Text: Haberle, Heiko, Berlin

Obwohl die Herausgeber Eckhard Feddersen und Insa Lüdtke ihren Lesern eine schweizlastige Publikation ankündigen, wagt ihr „Entwurfsatlas – Wohnen im Alter“ einen aufschlussreichen Blick über den Tellerrand in andere alternde Gesellschaften: Während man sich in Deutschland und der Schweiz langsam vom Altenheim verabschiedet und alternative, oft gemeinschaftliche Wohnformen forciert, konzen­triert man sich in Skandinavien auf die ambulante Pflege. So werden etwa in Dänemark bereits seit 1987 keine Sonderwohnformen mehr errichtet. In den USA dienen Universitätscampus oder Themenhotel als Vorbilder für neue Wohnanlagen. In Japan, das keine Arbeitsmigranten kennt, werden Pflege- und Gesellschaftsroboter die Zukunft bestimmen.
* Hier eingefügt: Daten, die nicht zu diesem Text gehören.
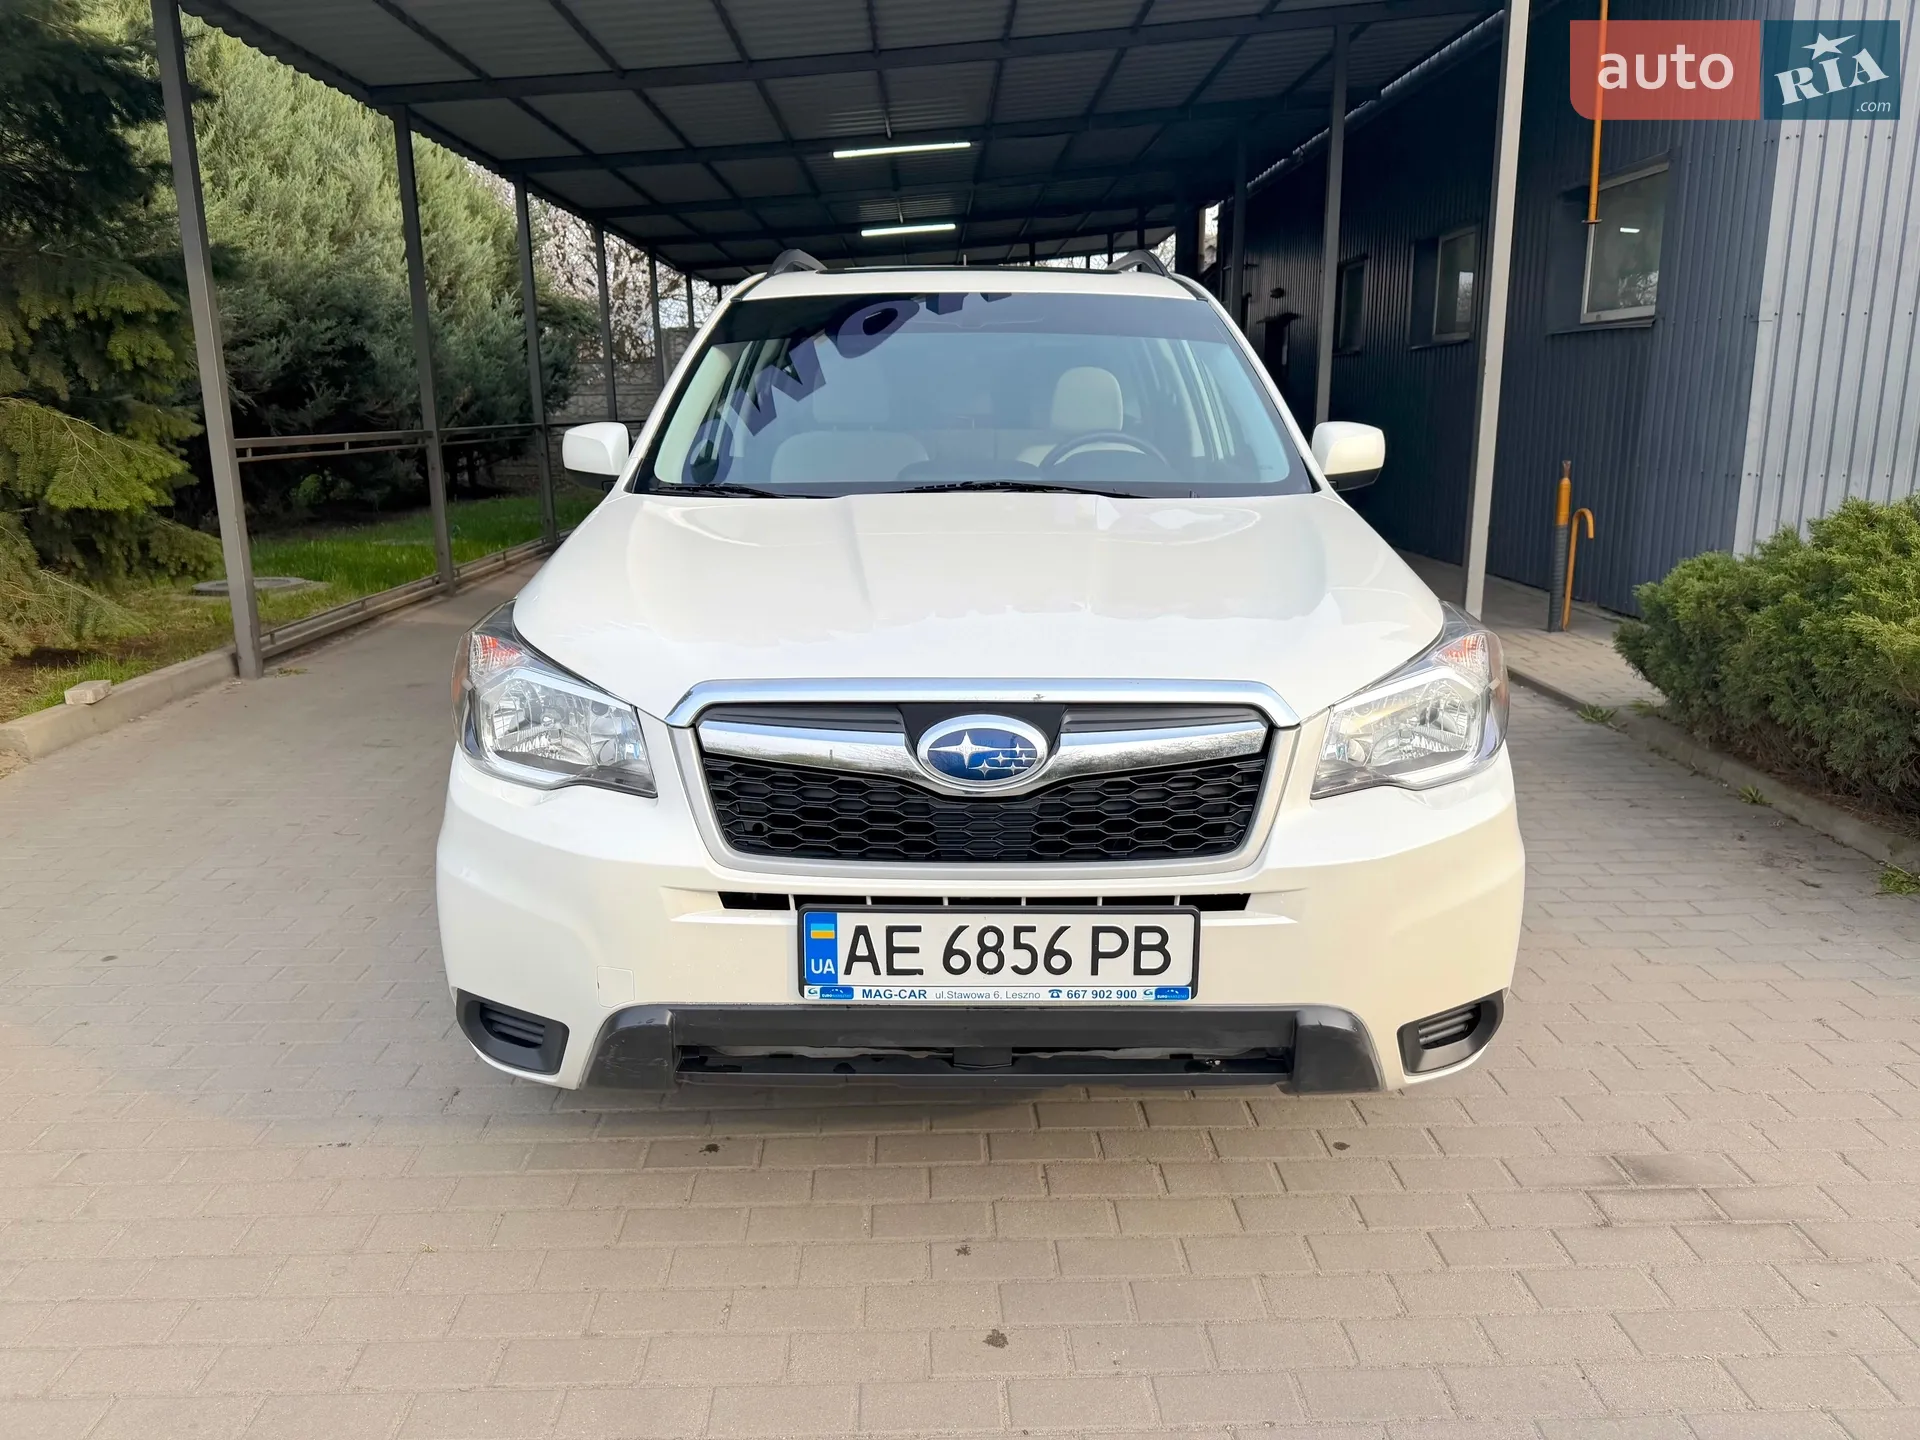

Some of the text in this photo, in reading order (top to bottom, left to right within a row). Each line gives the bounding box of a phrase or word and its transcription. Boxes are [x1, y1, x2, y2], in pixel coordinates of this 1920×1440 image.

Die übrigen Texte beziehen sich auf medizinische (Demenz), soziale (Hospizwesen) und wirtschaftliche (Pflegewirtschaft, Projektsteuerung), genauso wie auf gestalterische Aspekte (Freiraum­gestaltung, Innenarchitektur). Leider fällt ausgerechnet die Betrachtung architektonischer Aspekte zu knapp und zu vage aus. Stattdessen werden die gravierenden „sozio-demografischen, kulturellen und organisatorischen Veränderungen“ deutlich.
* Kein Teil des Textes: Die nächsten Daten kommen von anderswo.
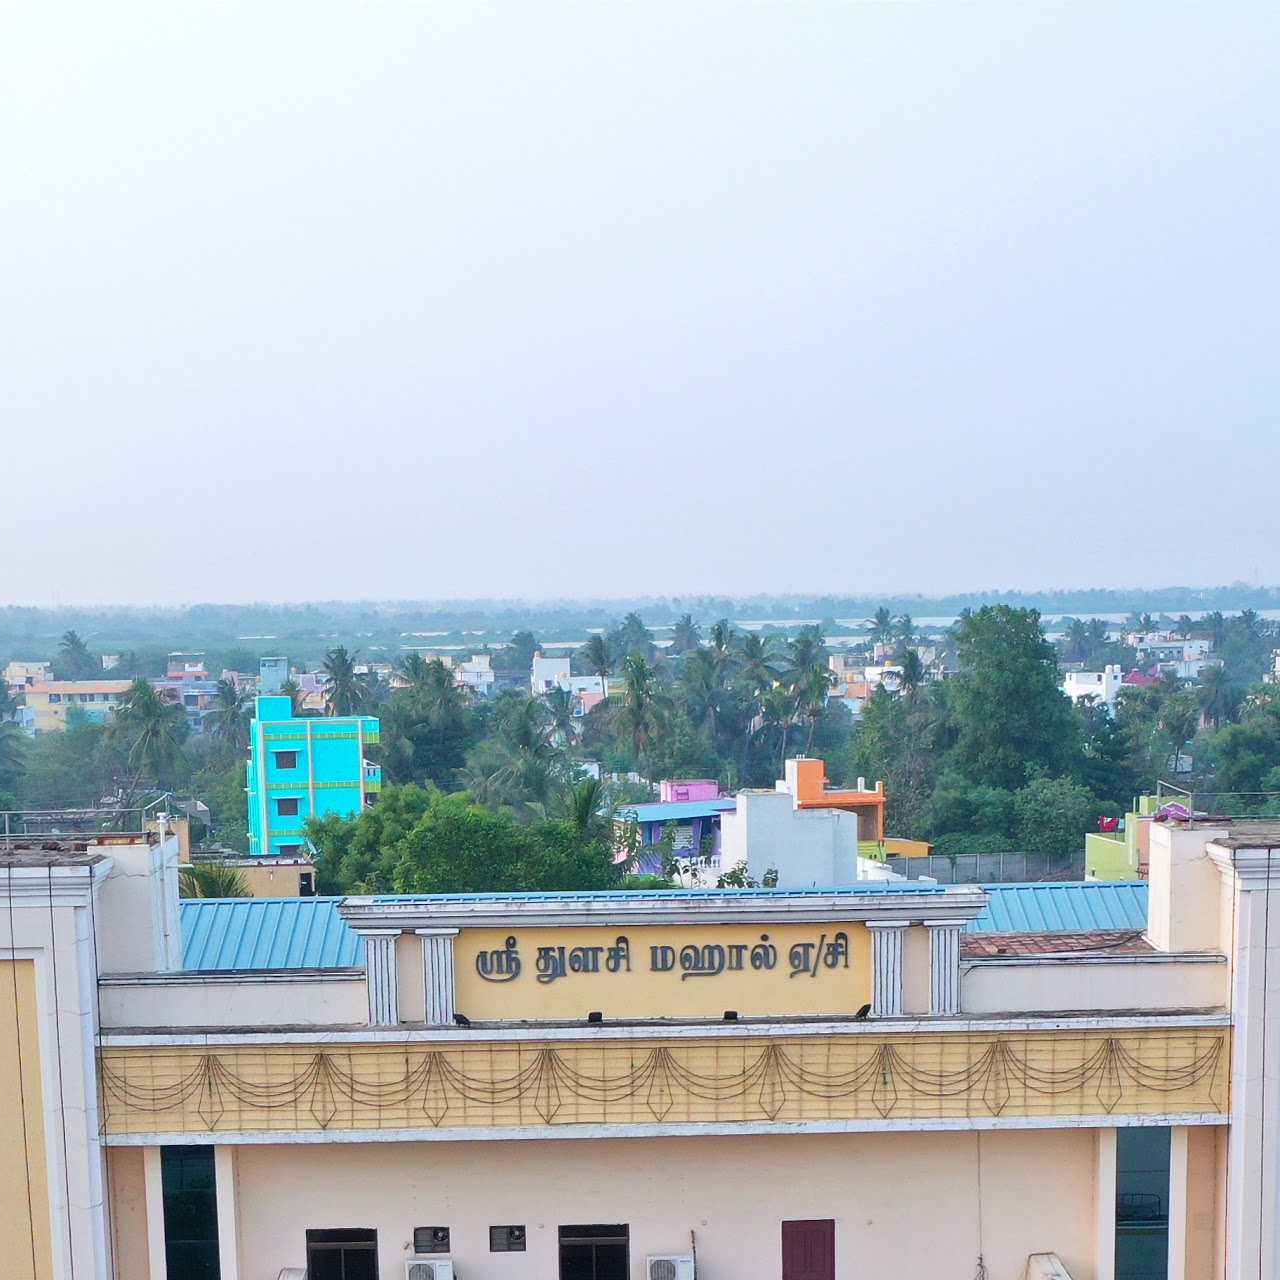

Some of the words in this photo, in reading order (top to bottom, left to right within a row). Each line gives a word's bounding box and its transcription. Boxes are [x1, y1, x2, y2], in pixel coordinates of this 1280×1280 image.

[535, 935, 632, 985] துளசி
[649, 933, 777, 982] மஹால்
[789, 931, 850, 980] ஏ/சி
Die Texte sind gut lesbar und haben mit zumeist vier Seiten eine angenehme Länge. Es dominieren Zahlen, Daten und Fakten sowie konkrete Handlungsvorschläge. Die 39 Projekte aus 15 Ländern, die in Kapiteln wie „Mehrgenerationen-Wohnen“ oder „Zielgruppenorientiertes Wohnen“ zusammengefasst werden, sind oft zu umfangreich dokumentiert. Die Beispiele aus den USA, darunter ein Heim für Angehörige der Amish mit Indoor-Dorfkulisse und ein Wohn­park für Homosexuelle im Stil mexikanischer Lehmputzbauten, sind kurios, zeigen aber einerseits, dass der Markt für Wohnatmosphären auch hier Fuß gefasst hat, und demonstrieren andererseits, dass be- stimmte Wohnformen, etwa für Demenzpatienten,ganz spezielle Umgebungen verlangen, die sich architektonischer Betrachtung scheinbar völlig entziehen.
Architektonisch beeindruckend sind vor allem Beispiele aus Spanien und Japan, etwa das klösterlich streng geführte Wohnheim in Alcázar de San Juan oder das Haus für Fischer und Landwirte an der Südspitze des „japanischen Festlands“. Leider hat die schwierige, international angelegte Suche nachbisher wenig publizierten Projekten aber auch einige durchschnittliche Bauten auf die Buchseiten gebracht. Dessen waren sich wohl auch die Herausgeber bewusst, denn während das Gros der Projekte mit eher lieblosen Schwarz-Weiß-Fotos dokumentiert ist, sind die überzeugenderen Gebäude mit guten Farbaufnahmen illustriert.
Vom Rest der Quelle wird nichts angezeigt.